--- Records for this exercise ---

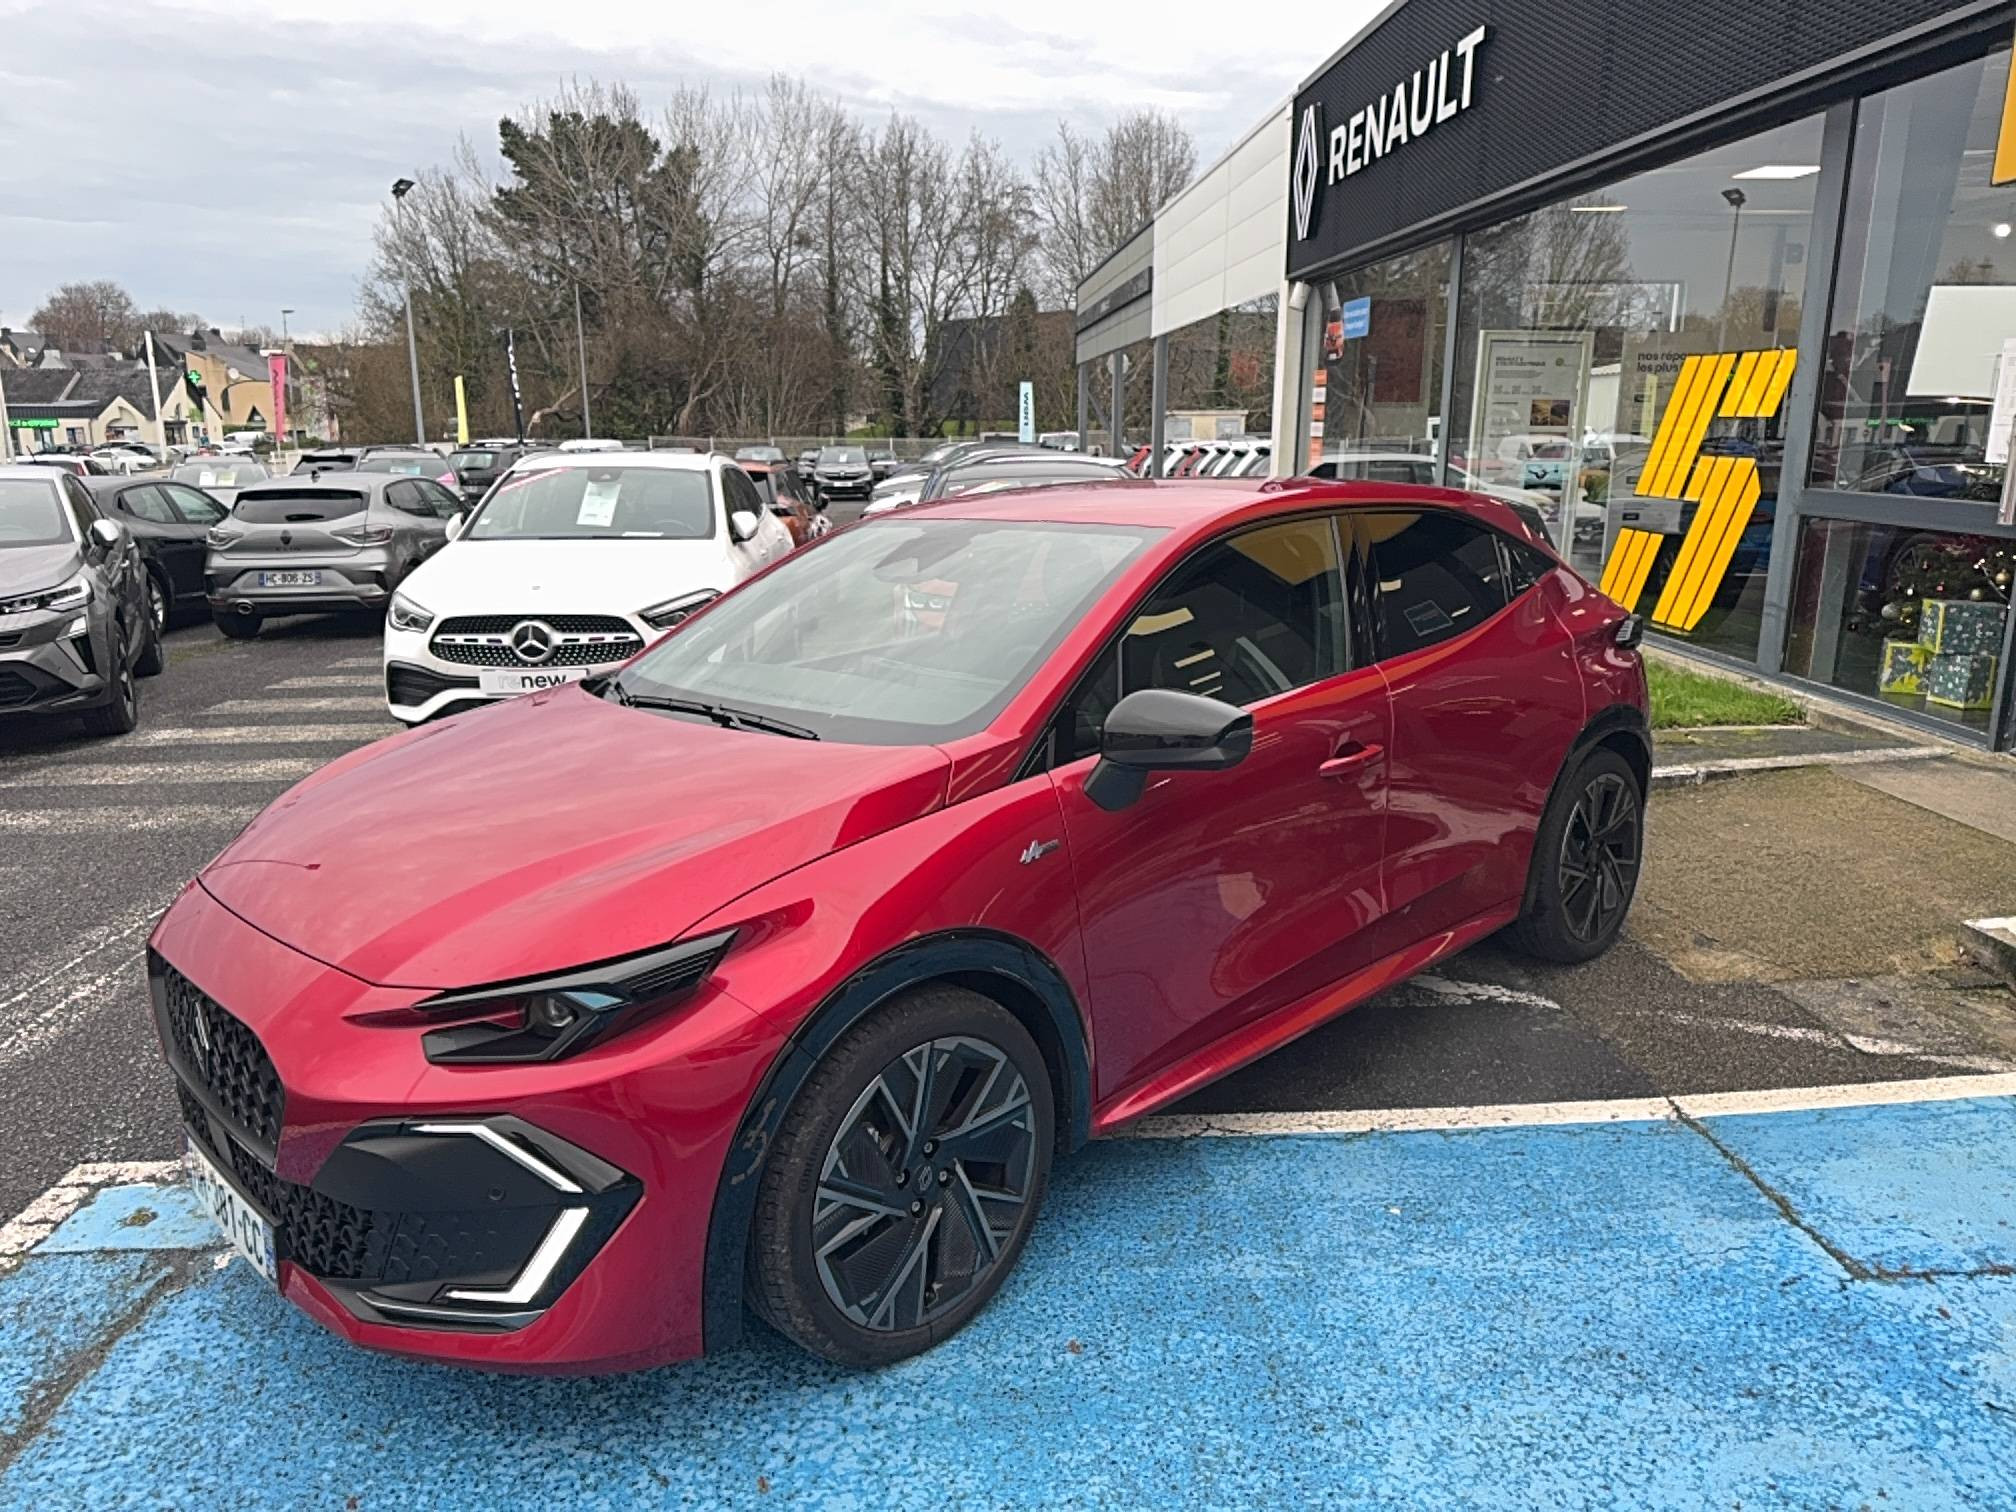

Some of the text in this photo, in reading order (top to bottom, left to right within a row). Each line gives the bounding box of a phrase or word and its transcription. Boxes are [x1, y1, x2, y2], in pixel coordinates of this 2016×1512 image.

[1328, 25, 1486, 186] RENAULT
[1637, 353, 1659, 361] nos
[1655, 362, 1679, 375] plus
[498, 674, 567, 689] renew

---

### Activity
Please print every record exactly as written, without the pictures.

### Response area
Some of the text in this photo, in reading order (top to bottom, left to right within a row). Each line gives the bounding box of a phrase or word and its transcription. Boxes are [x1, y1, x2, y2], in pixel coordinates of this 2016×1512 image.

[1328, 25, 1486, 186] RENAULT
[1637, 353, 1659, 361] nos
[1655, 362, 1679, 375] plus
[498, 674, 567, 689] renew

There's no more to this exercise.